The whole of the material needs to be repeated exactly, line for line.

───── Entries shown

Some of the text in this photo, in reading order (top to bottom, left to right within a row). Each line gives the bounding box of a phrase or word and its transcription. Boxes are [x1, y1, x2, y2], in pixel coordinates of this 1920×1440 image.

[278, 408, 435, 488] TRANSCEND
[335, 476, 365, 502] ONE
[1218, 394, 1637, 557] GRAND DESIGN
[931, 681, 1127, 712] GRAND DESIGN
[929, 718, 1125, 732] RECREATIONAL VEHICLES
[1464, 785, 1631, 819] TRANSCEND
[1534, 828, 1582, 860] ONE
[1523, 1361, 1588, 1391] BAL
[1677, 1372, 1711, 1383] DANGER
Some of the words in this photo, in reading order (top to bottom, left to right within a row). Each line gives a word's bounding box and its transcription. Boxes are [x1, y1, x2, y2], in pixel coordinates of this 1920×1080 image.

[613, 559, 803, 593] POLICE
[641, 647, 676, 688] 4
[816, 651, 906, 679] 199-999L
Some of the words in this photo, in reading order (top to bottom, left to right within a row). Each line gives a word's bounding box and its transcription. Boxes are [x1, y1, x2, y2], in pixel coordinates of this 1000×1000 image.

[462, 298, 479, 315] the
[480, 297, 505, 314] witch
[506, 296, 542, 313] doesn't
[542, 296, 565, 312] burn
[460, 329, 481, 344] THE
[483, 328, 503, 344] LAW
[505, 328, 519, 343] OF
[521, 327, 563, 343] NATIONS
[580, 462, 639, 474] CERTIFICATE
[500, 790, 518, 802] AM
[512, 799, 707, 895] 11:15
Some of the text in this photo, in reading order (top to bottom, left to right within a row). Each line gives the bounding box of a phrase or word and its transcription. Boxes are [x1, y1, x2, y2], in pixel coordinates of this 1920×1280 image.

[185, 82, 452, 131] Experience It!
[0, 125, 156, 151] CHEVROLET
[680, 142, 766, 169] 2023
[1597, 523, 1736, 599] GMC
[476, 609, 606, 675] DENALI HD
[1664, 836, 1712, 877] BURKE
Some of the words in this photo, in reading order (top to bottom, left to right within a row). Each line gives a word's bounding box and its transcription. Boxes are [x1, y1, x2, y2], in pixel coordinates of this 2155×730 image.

──────────

(Your response)
Some of the text in this photo, in reading order (top to bottom, left to right within a row). Each line gives the bounding box of a phrase or word and its transcription. Boxes are [x1, y1, x2, y2], in pixel coordinates of this 1920×1440 image.

[278, 408, 435, 488] TRANSCEND
[335, 476, 365, 502] ONE
[1218, 394, 1637, 557] GRAND DESIGN
[931, 681, 1127, 712] GRAND DESIGN
[929, 718, 1125, 732] RECREATIONAL VEHICLES
[1464, 785, 1631, 819] TRANSCEND
[1534, 828, 1582, 860] ONE
[1523, 1361, 1588, 1391] BAL
[1677, 1372, 1711, 1383] DANGER
Some of the words in this photo, in reading order (top to bottom, left to right within a row). Each line gives a word's bounding box and its transcription. Boxes are [x1, y1, x2, y2], in pixel coordinates of this 1920×1080 image.

[613, 559, 803, 593] POLICE
[641, 647, 676, 688] 4
[816, 651, 906, 679] 199-999L
Some of the words in this photo, in reading order (top to bottom, left to right within a row). Each line gives a word's bounding box and its transcription. Boxes are [x1, y1, x2, y2], in pixel coordinates of this 1000×1000 image.

[462, 298, 479, 315] the
[480, 297, 505, 314] witch
[506, 296, 542, 313] doesn't
[542, 296, 565, 312] burn
[460, 329, 481, 344] THE
[483, 328, 503, 344] LAW
[505, 328, 519, 343] OF
[521, 327, 563, 343] NATIONS
[580, 462, 639, 474] CERTIFICATE
[500, 790, 518, 802] AM
[512, 799, 707, 895] 11:15
Some of the text in this photo, in reading order (top to bottom, left to right within a row). Each line gives the bounding box of a phrase or word and its transcription. Boxes are [x1, y1, x2, y2], in pixel coordinates of this 1920×1280 image.

[185, 82, 452, 131] Experience It!
[0, 125, 156, 151] CHEVROLET
[680, 142, 766, 169] 2023
[1597, 523, 1736, 599] GMC
[476, 609, 606, 675] DENALI HD
[1664, 836, 1712, 877] BURKE
Some of the words in this photo, in reading order (top to bottom, left to right within a row). Each line gives a word's bounding box and its transcription. Boxes are [x1, y1, x2, y2], in pixel coordinates of this 2155×730 image.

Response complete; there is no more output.